Westinghouse was put into bankruptcy by Toshiba in March after project delays crippled earnings from the nuclear plant business. On Thursday, Brookfield Business Partners LP agreed to buy what remains of its U.S. business out of bankruptcy, as well as its non-bankrupt European business, for $4.6 billion.

Toshiba bought Westinghouse for $5.4 billion in 2006 as a way to diversify away from consumer electronics, but struggled to build new reactors and was wrong-footed by changes in the nuclear industry. That includes the impact of Japan’s 2011 Fukushima meltdown and a flood of cheap natural gas in the U.S. While it’s unclear what benefit the Tokyo-based company will see from a sale, it will help Toshiba move on in the eyes of investors.

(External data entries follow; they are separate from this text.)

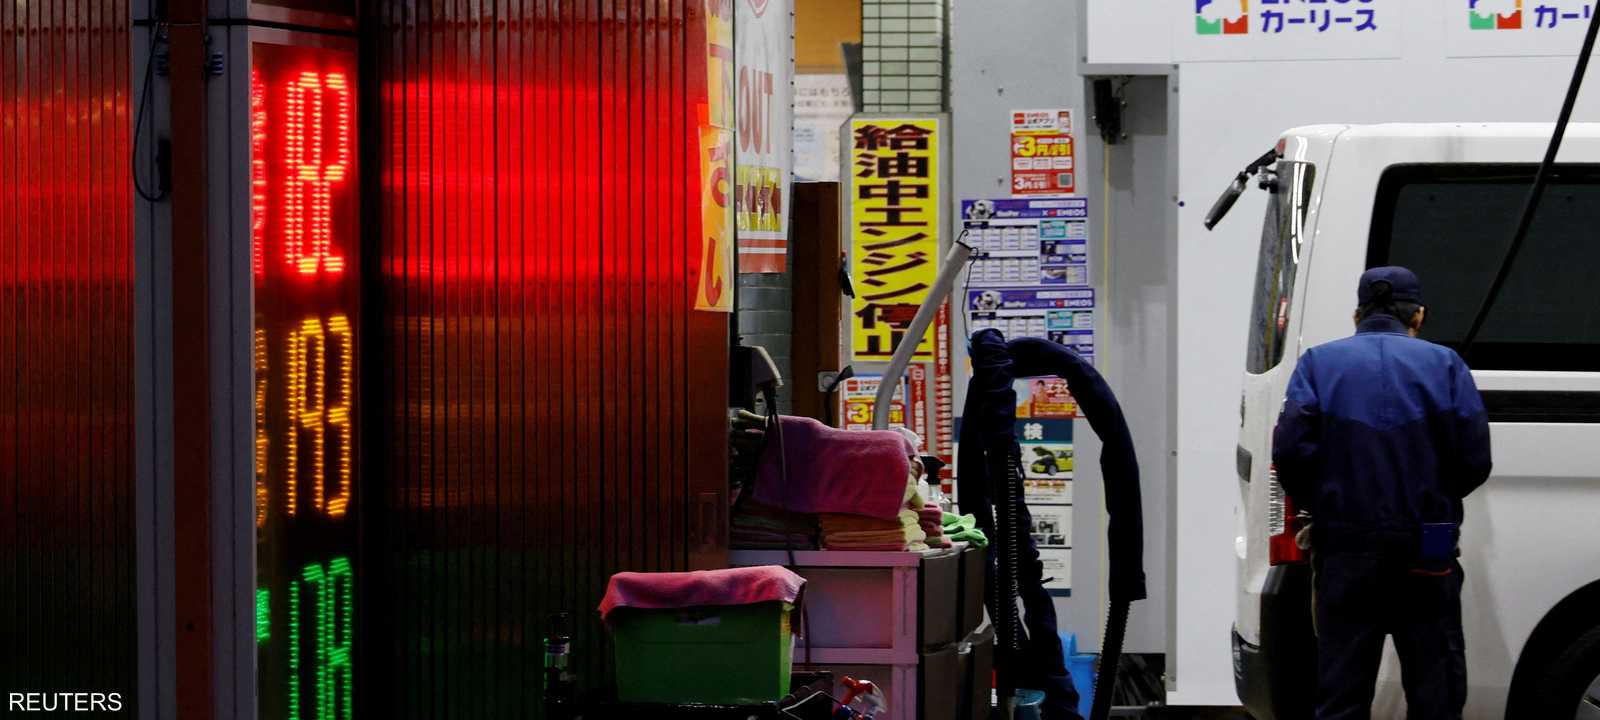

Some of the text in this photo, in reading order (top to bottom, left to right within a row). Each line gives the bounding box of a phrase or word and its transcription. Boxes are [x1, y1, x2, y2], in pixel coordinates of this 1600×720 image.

[1260, 10, 1377, 33] カーリース
[738, 65, 774, 154] OUT
[286, 71, 349, 272] 182
[1057, 209, 1086, 217] ENEOS
[854, 124, 933, 357] 給油中エンジン停止
[288, 315, 353, 516] 193
[1023, 422, 1043, 439] 検

“In terms of its image, this is a positive. Westinghouse has been a ghost that haunted Toshiba for a long time, so to be rid of that can be interpreted as positive,” said Masahiko Ishino, an analyst at Tokai Tokyo Securities. “But in terms of Toshiba’s fundamentals you can’t say this has much impact."

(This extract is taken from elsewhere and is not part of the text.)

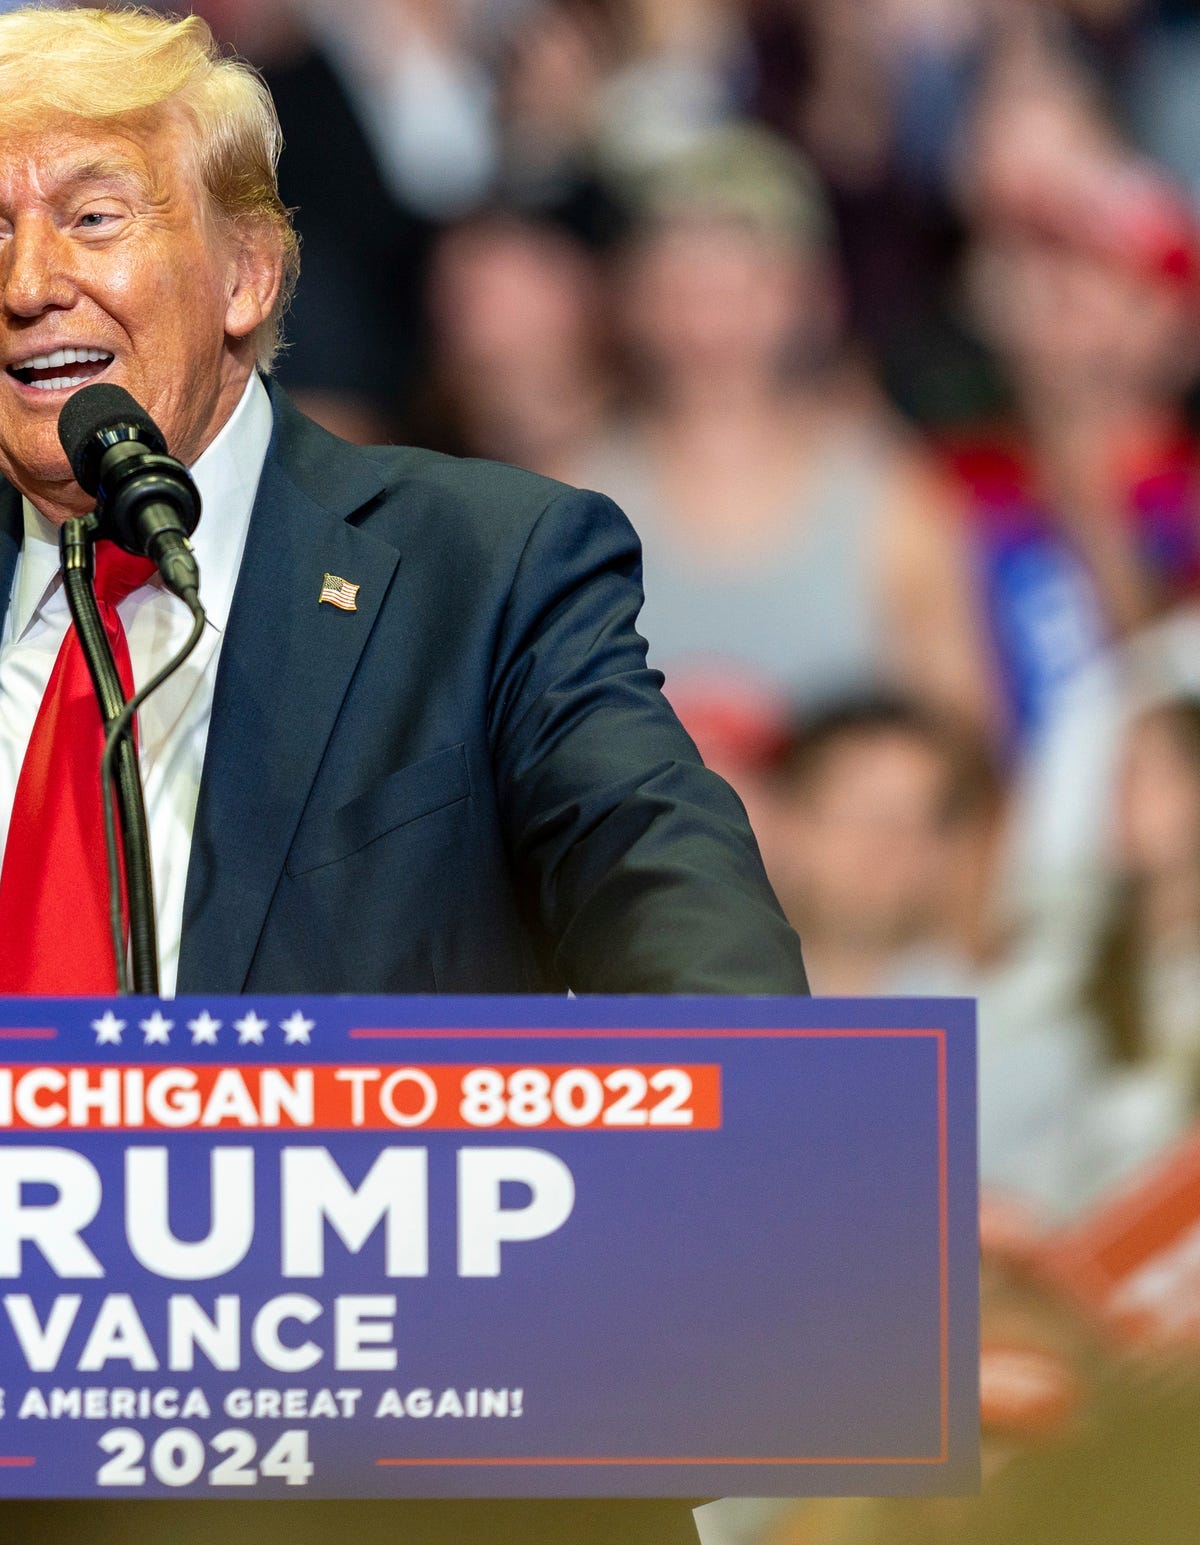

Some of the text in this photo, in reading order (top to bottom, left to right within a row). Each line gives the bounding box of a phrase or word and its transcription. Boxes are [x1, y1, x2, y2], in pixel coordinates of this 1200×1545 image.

Shares of Toshiba rose 2.2 percent to 330 yen in Tokyo on Friday. The company posted a net loss of 966 billion yen ($8.6 billion) last fiscal year, largely on the impact of the Westinghouse debacle.

“The decision on the buyer for Westinghouse is good news for all creditors, including ourselves,” Toshiba spokesman Ryoji Shinohara said in response to an inquiry by Bloomberg News. “We believe the recovery of Westinghouse will move forward through the U.S. bankruptcy court proceedings."

Changed Business

Westinghouse is the first foray into the nuclear sector for Brookfield. The company has a plan to reorganize the bankrupt U.S. assets, according to a person with knowledge of the sale. The deal, which still needs court and regulatory approval, was reached Wednesday night, said the person, speaking on condition of anonymity because some details are not yet public.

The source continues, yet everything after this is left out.